The epidermal peels were exposed to air with or without 1.0 μl⋅liter−1 O3 for 3 hr in a custom-made Petri dish with a gas inlet and outlet. The flow through the Petri dish during exposure was 400 ml⋅liter−1. Whole plants were treated with 0, 0.10, or 0.18 μl⋅liter−1 O3 in continuous stirred tank reactors (21) located in a charcoal-filtered greenhouse.

Patch Clamp Recording.

Two different sets of solutions were used for the patch-clamp recordings presented in Fig. 1 A and B (bath and pipette solution I) and C and D (bath and pipette solution II). Bath solution I contained 100 mM KCl, 1 mM MgCl2, 1 mM CaCl2, 5 mM Mes, 5 mM Hepes at pH 5.6 (adjusted with Tris), and sorbitol to a final osmolality of 460 mOsm⋅kg−1. Pipette solution I contained 80 mM K+ glutamate, 20 mM KCl, 2 mM MgCl2, 10 mM Hepes, 2 mM EGTA, and 2 mM Mg-ATP (Sigma) (added daily) at pH 7.8 (KOH) and adjusted to 480 mOsm⋅kg−1 with sorbitol. Bath solution II contained 10 mM K-glutamate, 1 mM CaCl2, 2 mM MgCl2, 10 mM Mes, 0.25–0.50 mM N-methyl glucamine (pH 5.5), and mannitol to a final osmolality of 480 mOsm⋅kg−1. This solution was used initially in experiments presented in Fig. 1 C and D because it promoted formation of a high resistance (GΩ) seal. Before O3 exposure of the cells, this solution was exchanged by bath perfusion and was replaced with the phosphate buffer previously described. Pipette solution II contained 100 mM K-glutamate, 2 mM MgCl2, 0.2 mM 1,2-bis(2-aminophenoxy)ethane-N,N,N′,N′-tetraacetate, 4 mM Mg-ATP, 20 mM Hepes, and mannitol to a final osmolality of 520 mOsm⋅kg−1.

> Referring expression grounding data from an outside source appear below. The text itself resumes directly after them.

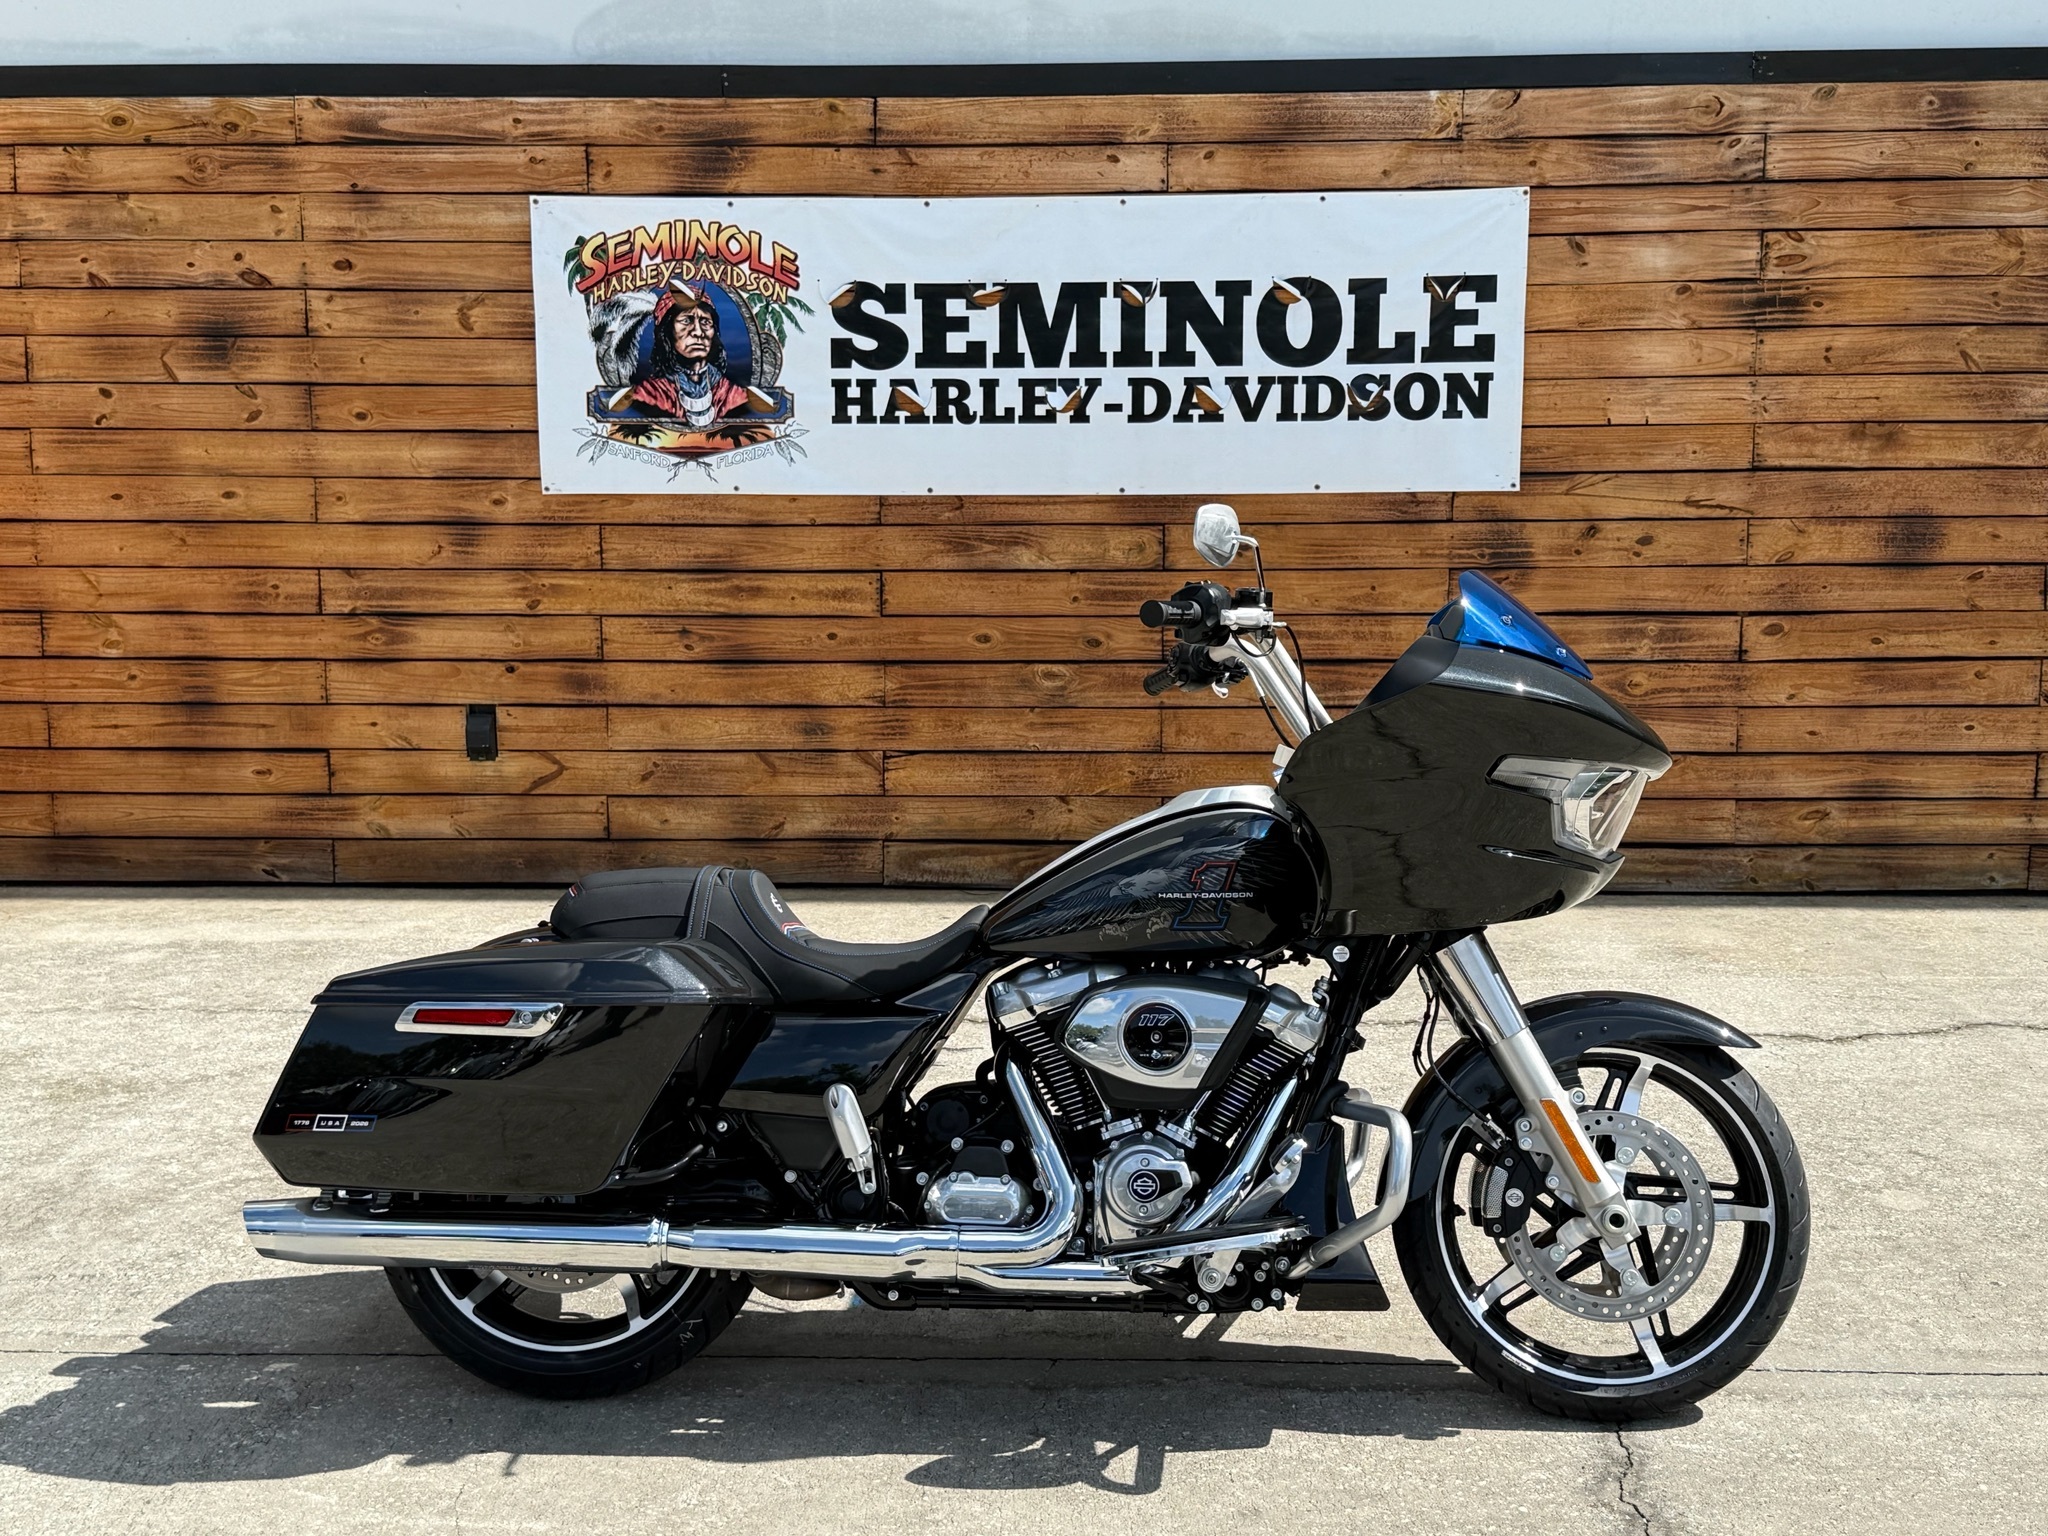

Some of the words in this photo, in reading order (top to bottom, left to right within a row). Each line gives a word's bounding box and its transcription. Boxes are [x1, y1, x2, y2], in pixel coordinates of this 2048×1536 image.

[577, 219, 800, 293] SEMINOLE
[593, 261, 788, 304] HARLEY-DAVIDSON
[831, 274, 1498, 370] SEMINOLE
[831, 372, 1494, 425] HARLEY-DAVIDSON
[716, 445, 774, 469] FLORIDA
[1158, 891, 1254, 899] HARLEY-DAVIDSON
[1138, 1013, 1175, 1027] 117
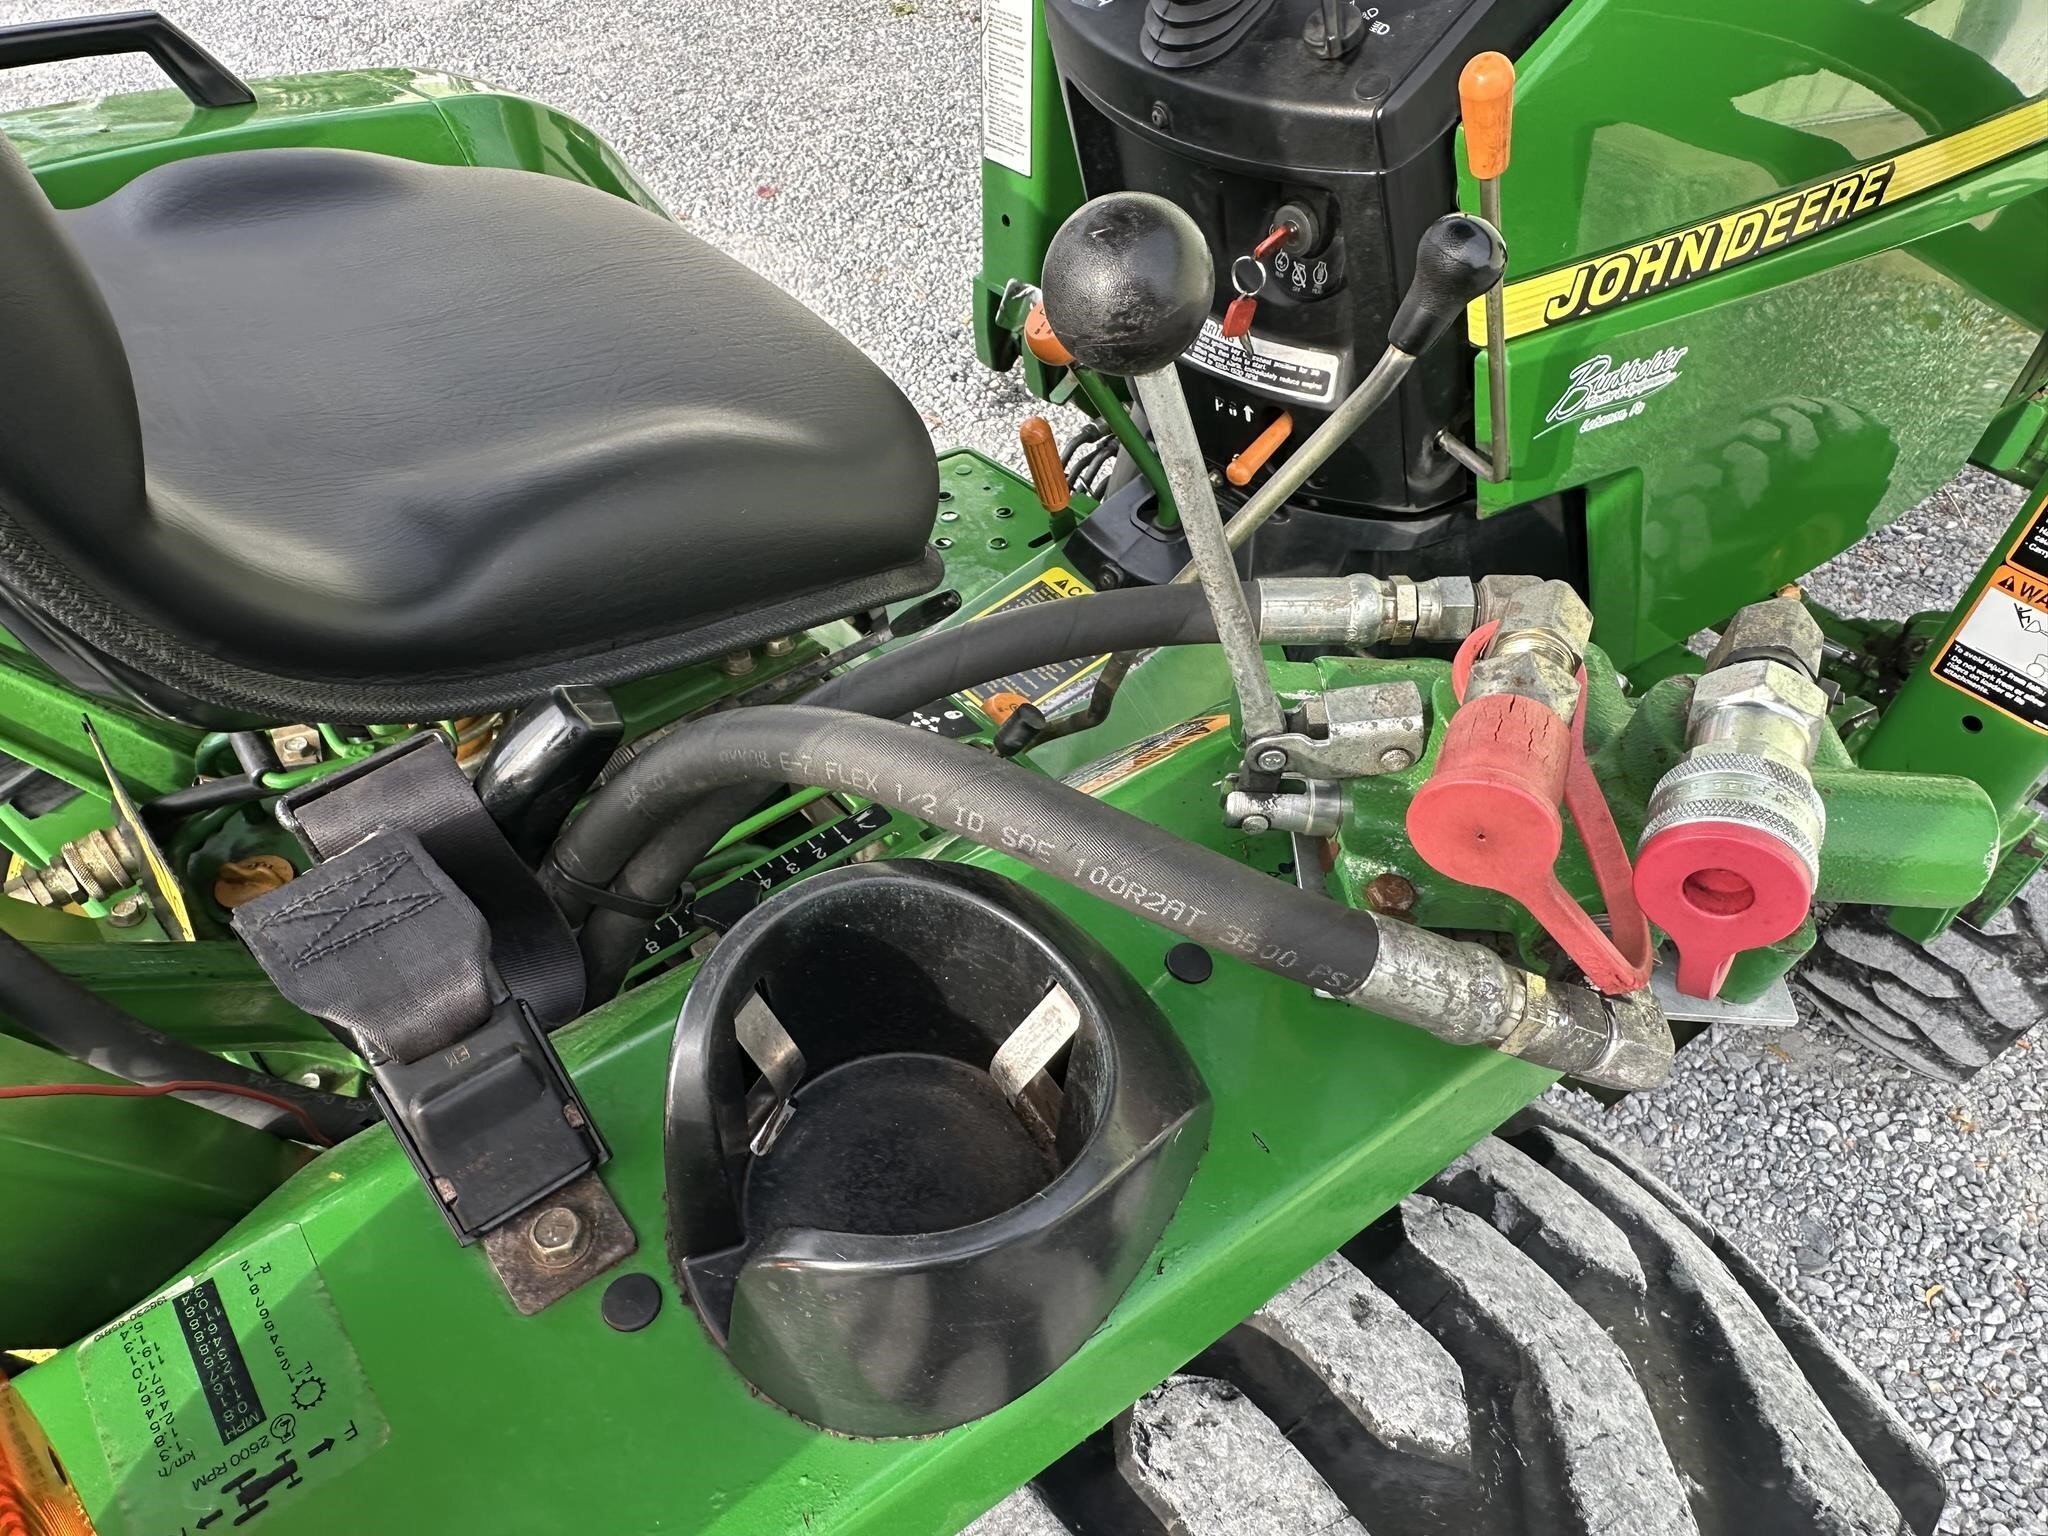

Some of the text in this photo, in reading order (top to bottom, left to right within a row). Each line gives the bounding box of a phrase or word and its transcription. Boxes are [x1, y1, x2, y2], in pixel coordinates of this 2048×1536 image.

Whole-cell currents were measured in response to 1.8-s voltage pulses decremented in −20-mV steps from +63 mV to −177 mV, using an Axopatch-1B patch-clamp amplifier and a TL-1 DMA Interface (both from Axon Instruments, Foster City, CA). Between measurements, the holding potential was kept for 10.25 s at −54 mV and −67 mV, respectively, in the experiments presented in Fig. 1 A and B and Fig. 1 C and D. A schematic of the voltage stimulus is given in Fig. 1A. The sampling rate was 1 ms. Currents were filtered at a −3dB frequency of 500 Hz by the lowpass Bessel filter of the patch-clamp amplifier. Data analyses were accomplished by using pclamp 6.0.2 software (Axon Instruments). Whole-cell currents were corrected for time-independent or leak currents and were normalized—i.e., expressed in pA/pF—to eliminate differences caused by cell-to-cell variations in surface area (22). Potentials reported have been corrected for liquid junction potentials (23).

Epidermal Peel Assay.

In stomatal opening experiments, abaxial epidermal peels were floated on 35 mM KCl during 3 hr of exposure to air with or without 1.0 μl⋅liter−1 O3. The plants used for isolation of epidermal peels were kept in the dark overnight before each experiment to ensure that stomata were closed. The isolated epidermal peels were simultaneously exposed to light (200 μmol⋅m−2⋅s−1) in the presence or absence of O3. In stomatal closure experiments, abaxial epidermal peels were floated on 35 mM KCl/0.5 mM CaCl2 for 3 hr during exposure to air in the presence or absence of 1.0 μl⋅liter−1 O3 under continuous light (200 μmol⋅m−2⋅s−1). Before the isolation of the epidermal peels for the closure experiments, the abaxial side of detached leaves was exposed to light (200 μmol⋅m−2⋅s−1) for 2 hr to ensure open stomata. Widths of stomatal apertures were determined with an ocular micrometer and a light microscope (Leitz Dialux 20).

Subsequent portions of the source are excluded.